The management of these so-called at-risk patients requires that the dental surgeon cooperate with the cardiologist and be fully aware of the precautions aimed at preventing the three main risks to which these patients may be exposed, namely:

  • risk of infection.
  • risk of bleeding.
  • and membrane risk.

More and more elderly and/or chronically ill patients are consulting the dental clinic and needing care, in particular surgical care. These patients are said to be at risk because oral care can sometimes affect their health.

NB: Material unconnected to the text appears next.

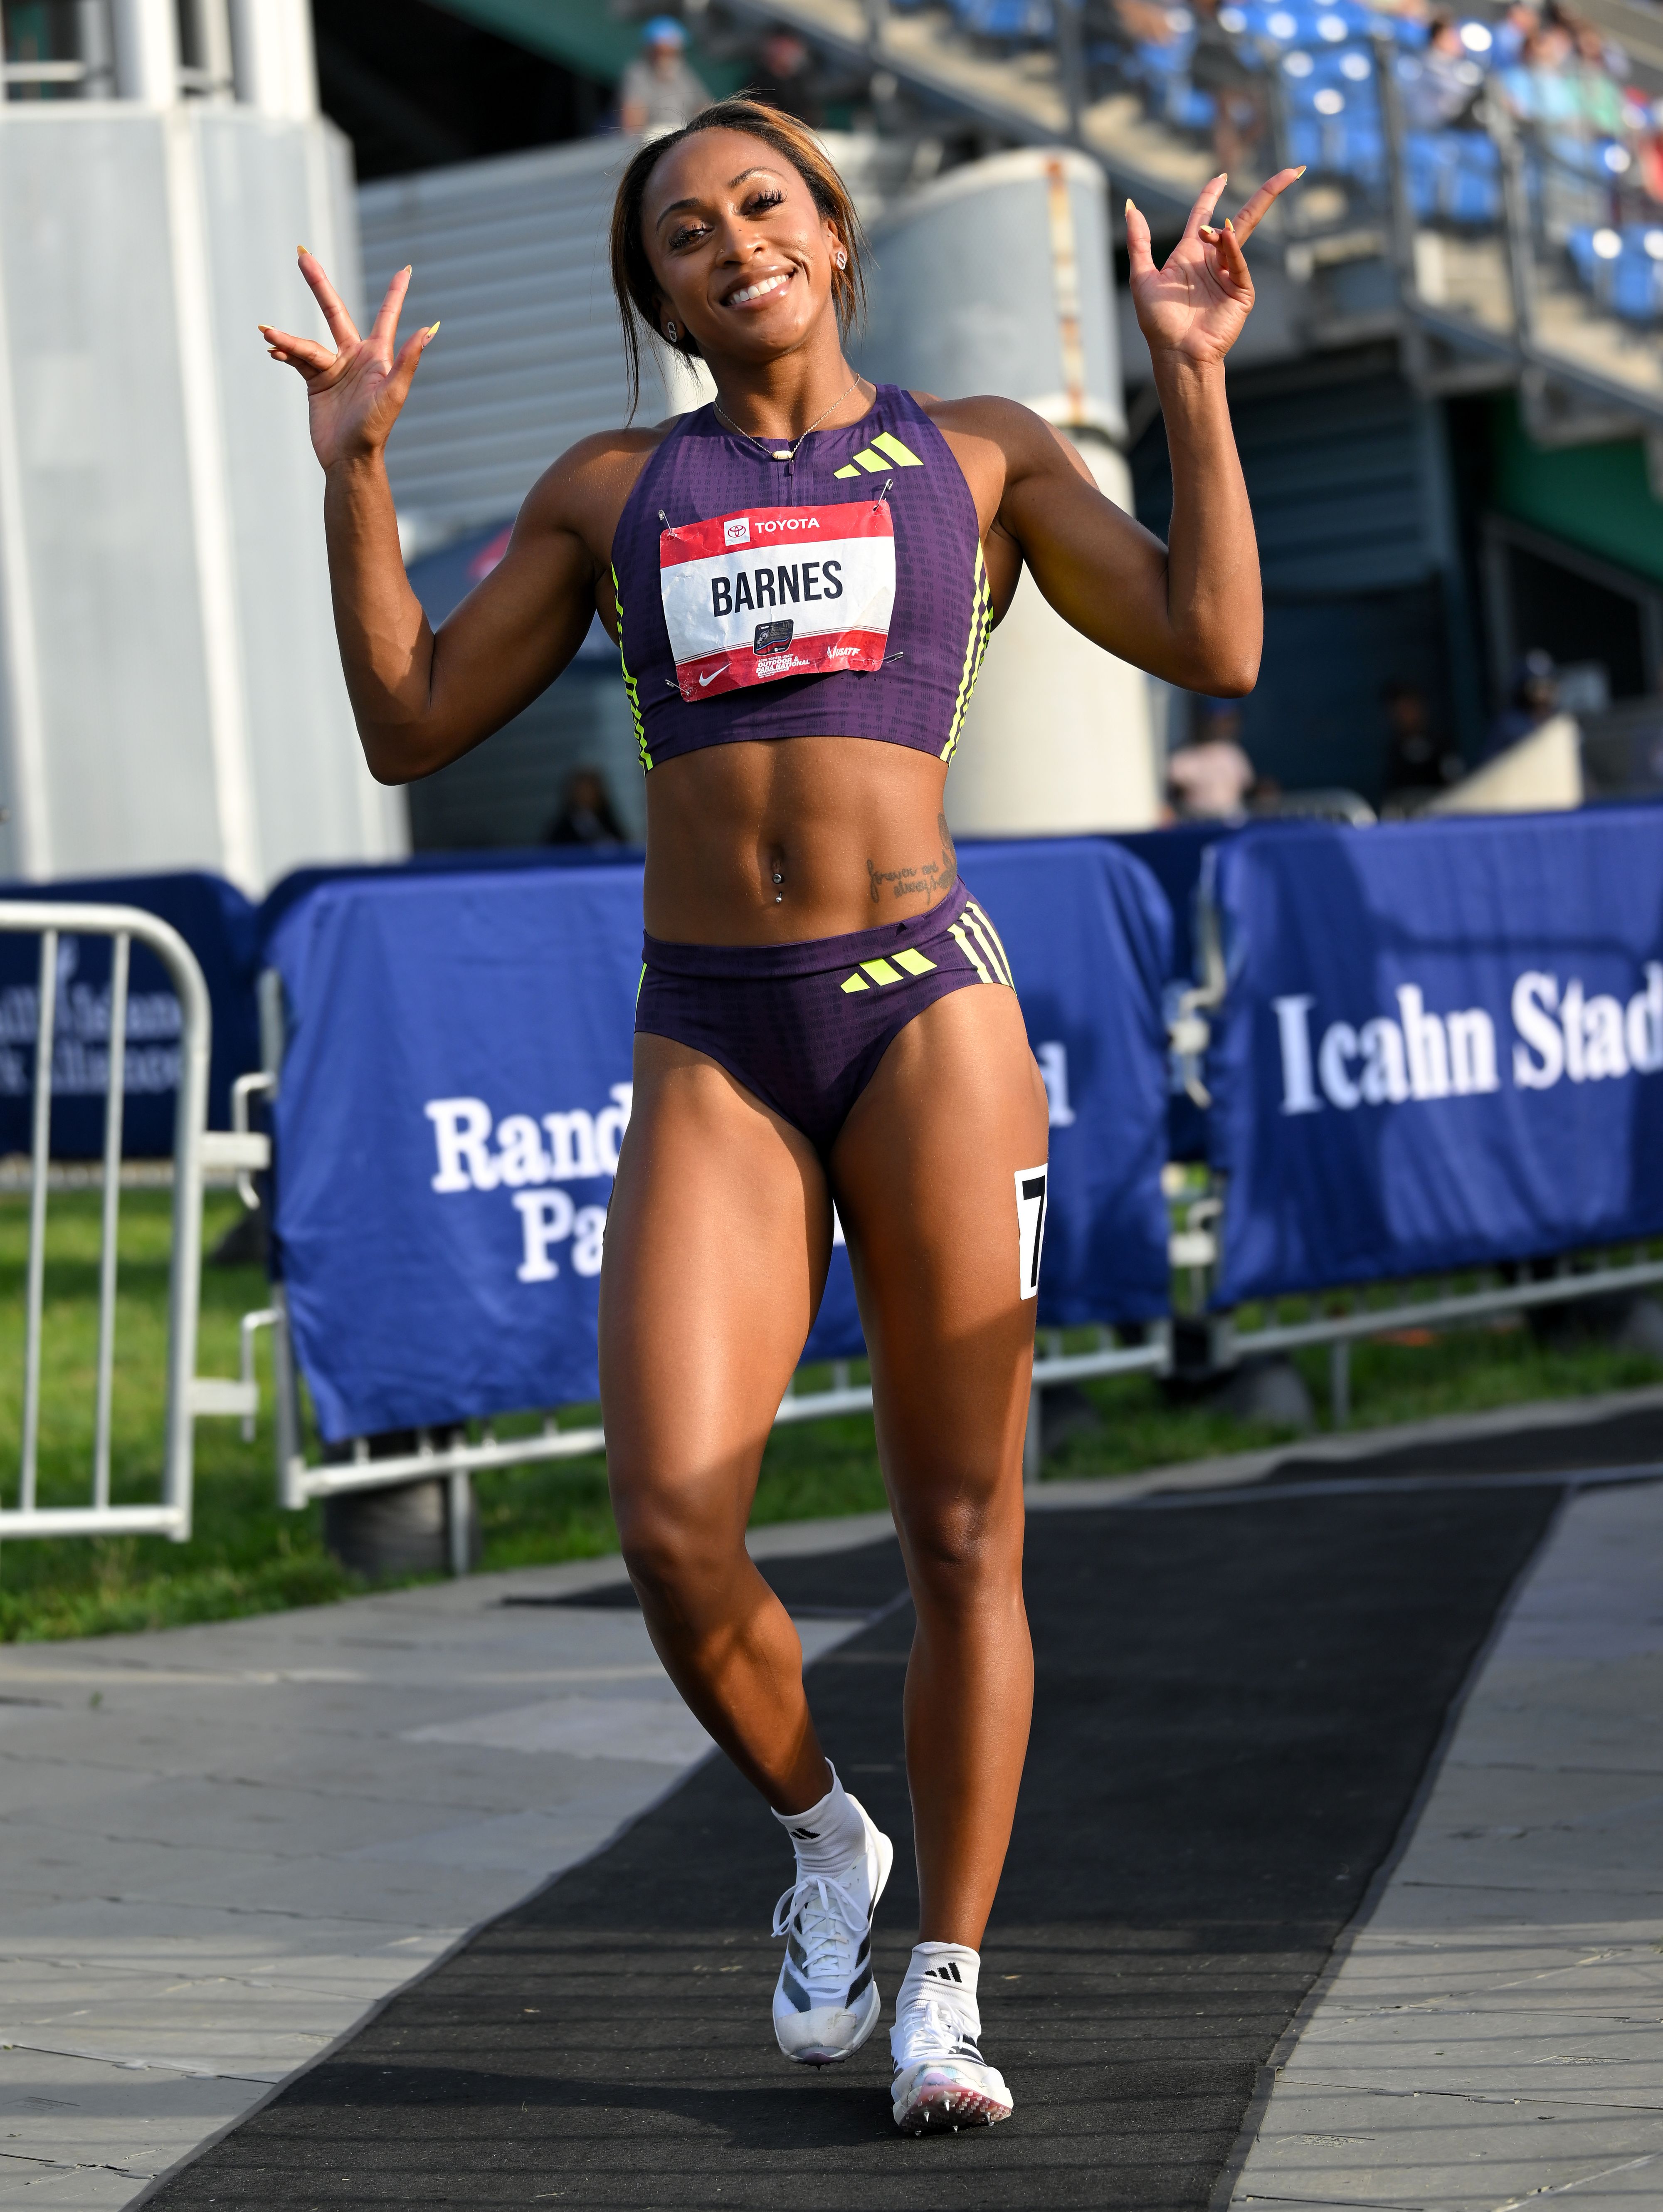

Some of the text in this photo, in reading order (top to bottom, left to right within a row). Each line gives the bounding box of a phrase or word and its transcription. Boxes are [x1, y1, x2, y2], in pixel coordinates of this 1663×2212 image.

Cardiac patients and dental treatment

The heart patient is one of those patients at risk. In particular, it presents three main risks that may or may not co-exist depending on the diseases. These three risks are:

  • risk of infection.
  • risk of bleeding.
  • and membrane risk.

Thus, due to the impact of the patient’s heart care on his general condition, it should be based on close cooperation with the cardiologist who should be consulted to know the exact current state of the patient’s health. The patient and the nature of treatment used, as well as to determine any changes in that treatment. In addition, all dental surgeons should be fully aware of the precautions to be taken in accordance with the treatment envisaged and according to the risks.

Recommendations for maintaining oral health in the elderly

Maintaining oral hygiene: Brushing and using interdental tools are also important at an older age. Brush your teeth twice daily with a soft toothbrush and fluoride toothpaste.

Quit Smoking: In addition to the direct health harms caused by smoking, smoking can exacerbate gum problems. Negatively affects healing after dental treatment and implant absorption. In addition, smoking is a risk factor for oral cavity cancer. Therefore, it is recommended to quit smoking.

alcohol consumption: Among the harms that alcohol can cause, there is the risk of developing cancer in the oral cavity. Therefore, reduce your alcohol intake as much as possible.

healthy diet: A diet rich in fresh vegetables and fruits is a protective factor against oral cancer.

Follow-up and prevention: If an oral lesion occur that does not go away within two weeks, a dental examination should be performed. Oral cancer doesn’t cause pain in its early stages, so it’s important to see your dentist even if you don’t feel any changes in your oral cavity.

Periodic examination by the dentist: It is recommended to consult a dentist regularly and at least once a year for those with chronic diseases. It’s important to inform your dentist of any changes in your health, including your medications, as these details can have a significant impact on your dental care.